**Instructions to follow:**
Reproduce all the records word for word. Omit images.
Top of Input records
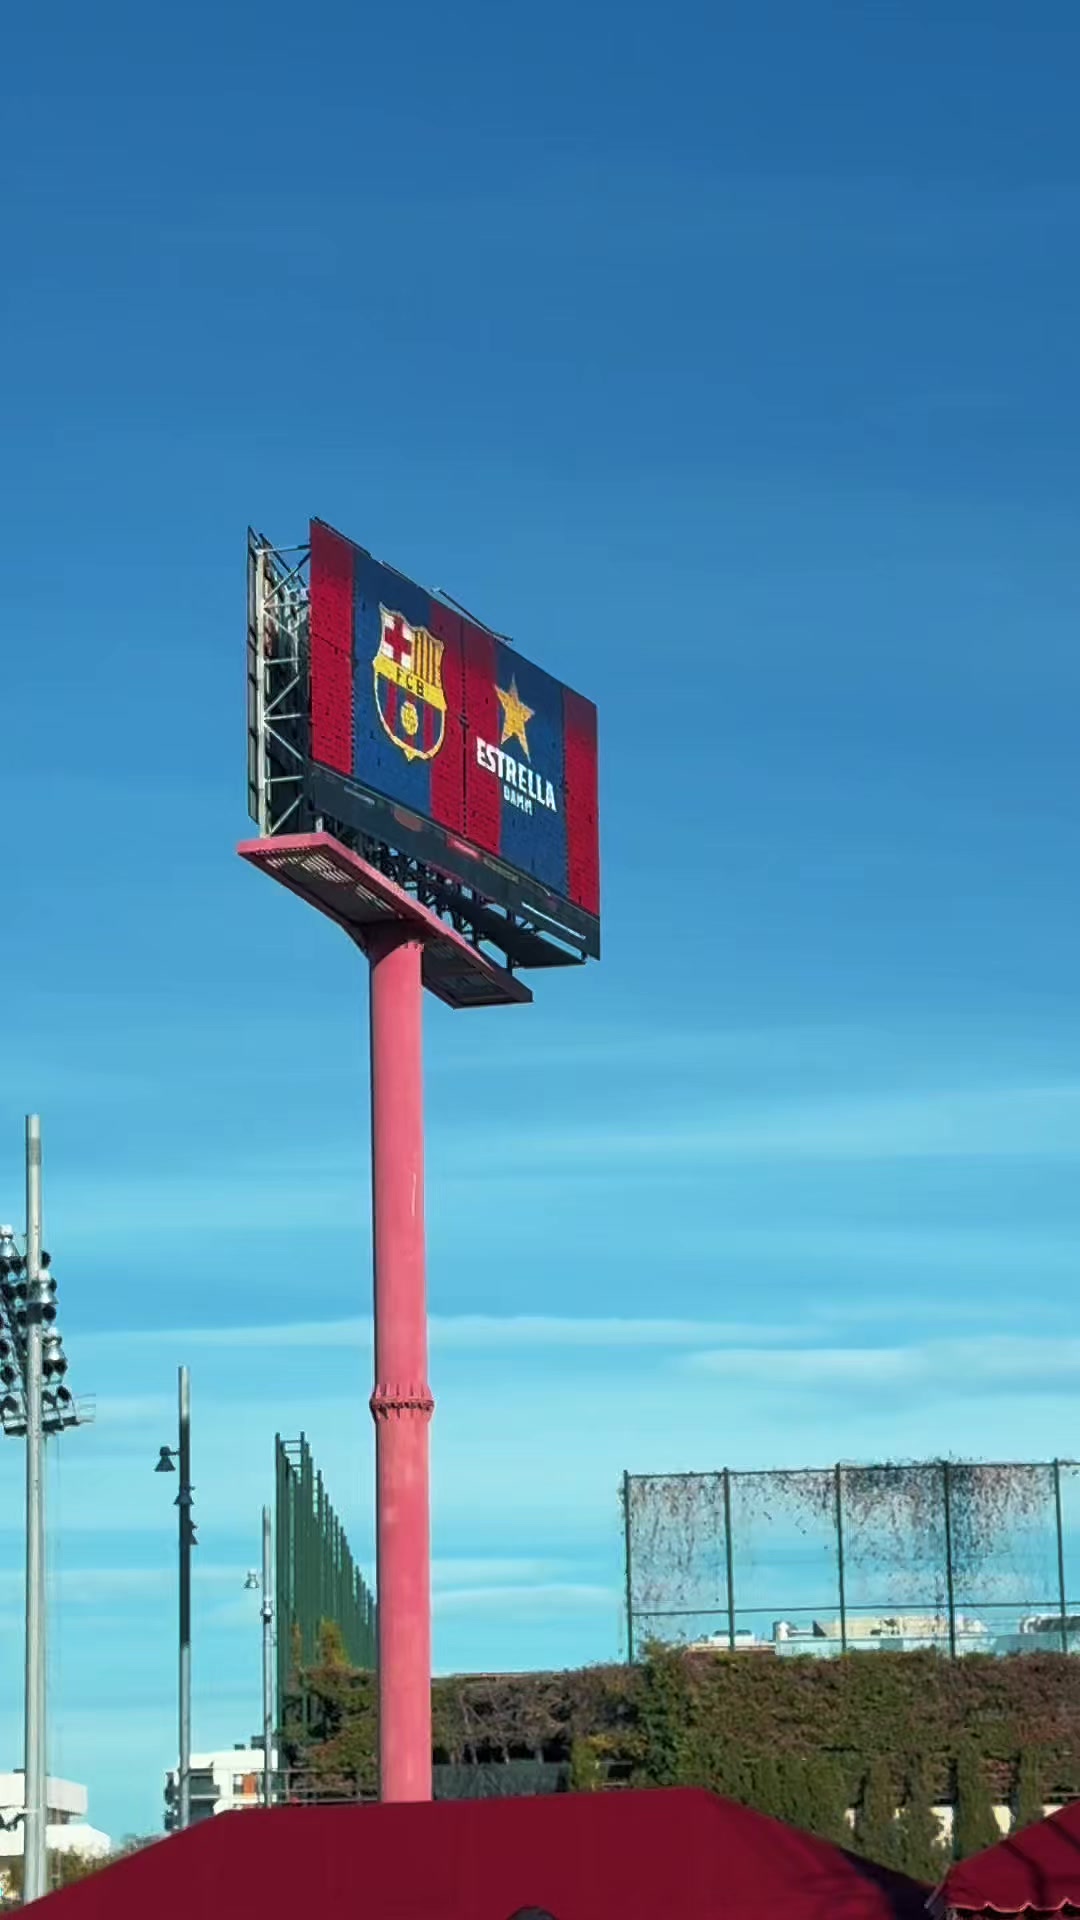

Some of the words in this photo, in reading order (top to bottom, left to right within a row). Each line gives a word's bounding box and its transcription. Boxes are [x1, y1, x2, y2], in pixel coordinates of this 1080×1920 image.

[396, 668, 425, 697] FCB
[476, 736, 557, 812] ESTRELLA
[503, 784, 533, 816] DAMM
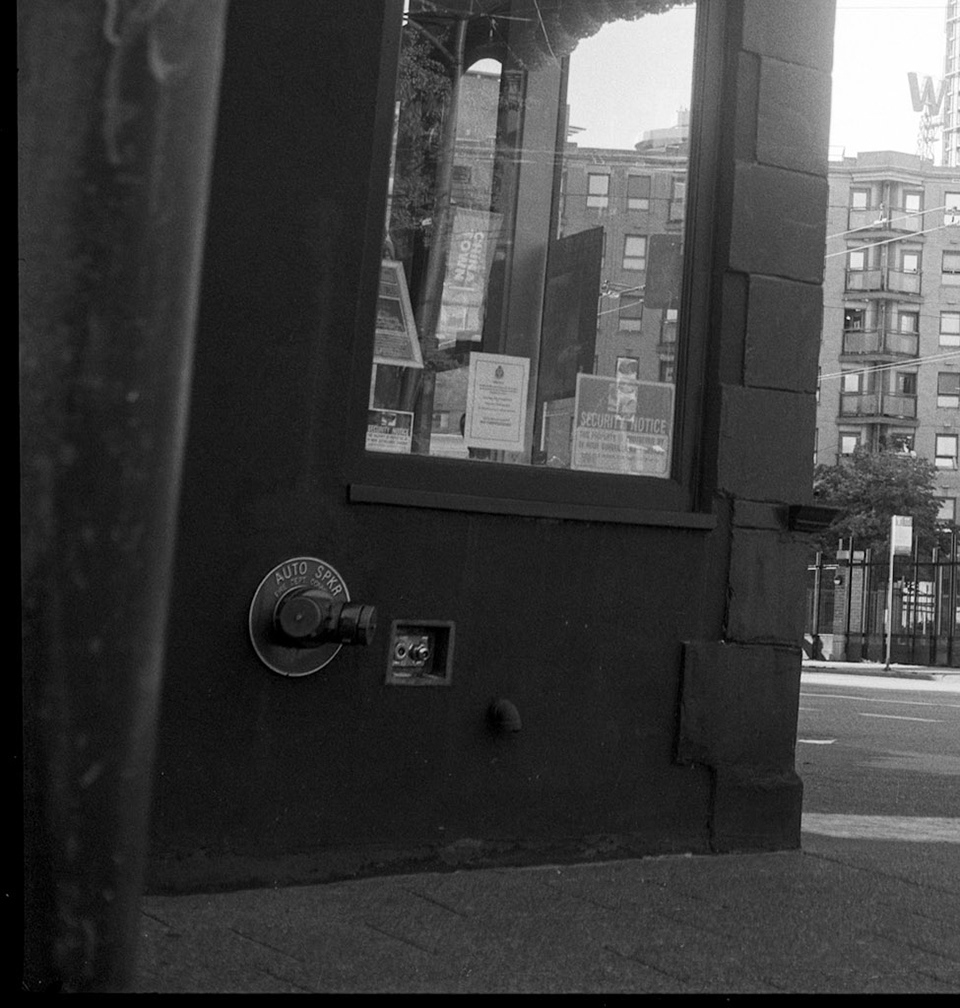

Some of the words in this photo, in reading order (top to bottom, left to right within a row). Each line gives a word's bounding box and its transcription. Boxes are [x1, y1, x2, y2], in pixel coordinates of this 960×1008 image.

[907, 71, 947, 116] W
[630, 417, 667, 434] NOTICE
[275, 561, 308, 585] AUTO
[315, 565, 343, 597] SPKR
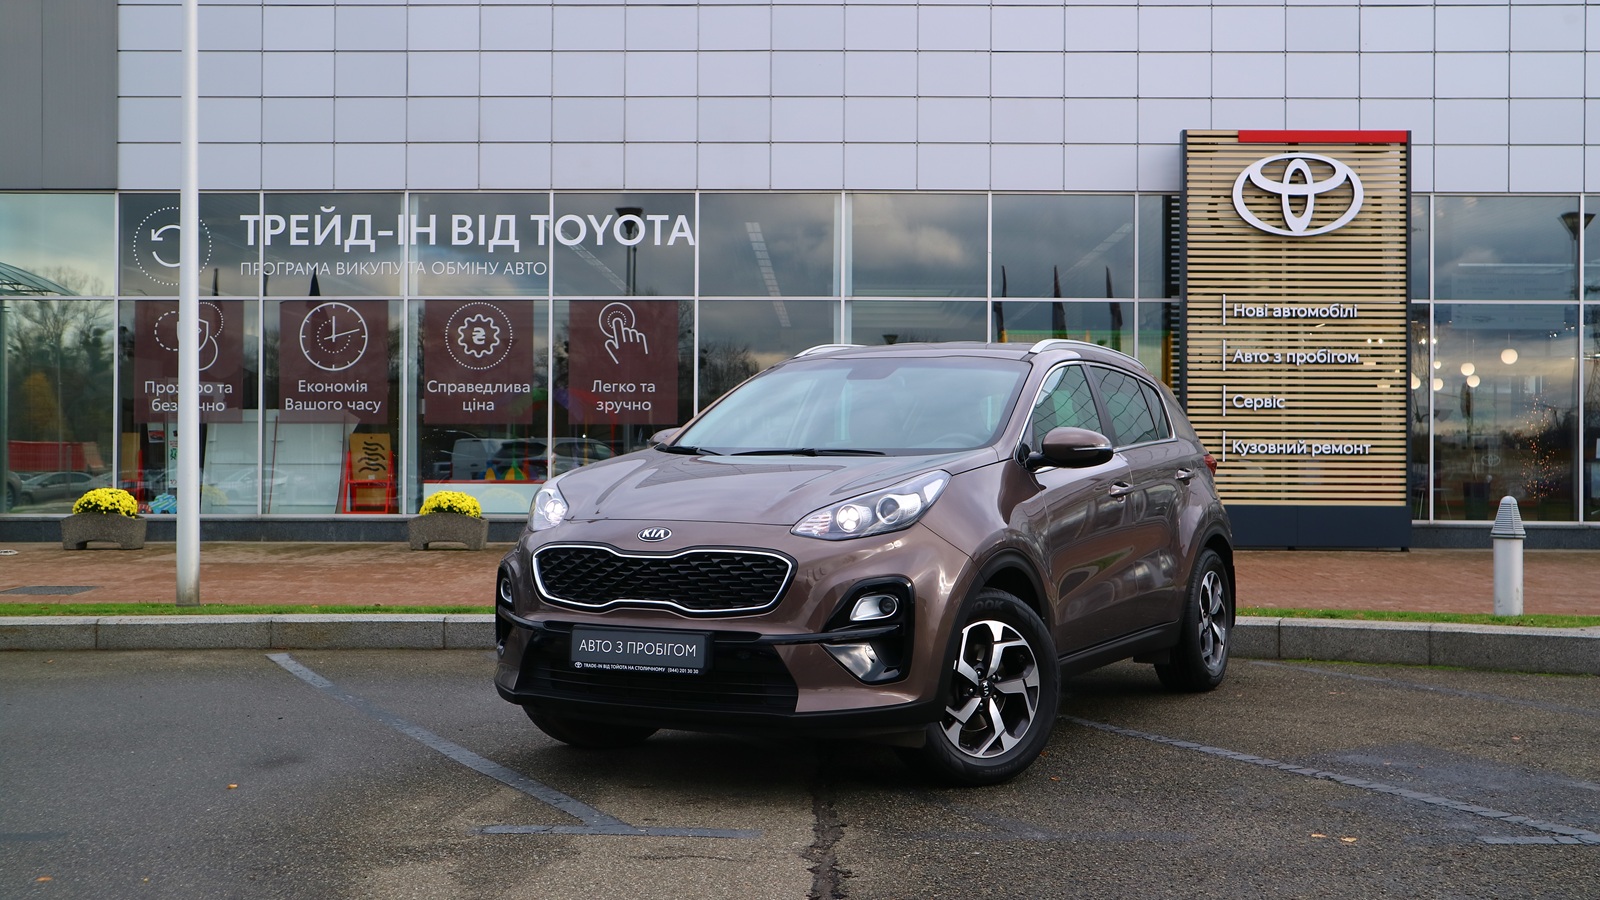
Bottom of Input records
**Task response:**
Some of the words in this photo, in reading order (top to bottom, left to right within a row). Each line gives a word's bounding box and its transcription. Boxes are [x1, y1, x2, y2], in pixel coordinates of this 1080×1920 image.

[396, 668, 425, 697] FCB
[476, 736, 557, 812] ESTRELLA
[503, 784, 533, 816] DAMM

Some of the words in this photo, in reading order (top to bottom, left to right within a row). Each line gives a word's bounding box and its transcription. Boxes are [x1, y1, x2, y2], in pixel coordinates of this 960×1008 image.

[907, 71, 947, 116] W
[630, 417, 667, 434] NOTICE
[275, 561, 308, 585] AUTO
[315, 565, 343, 597] SPKR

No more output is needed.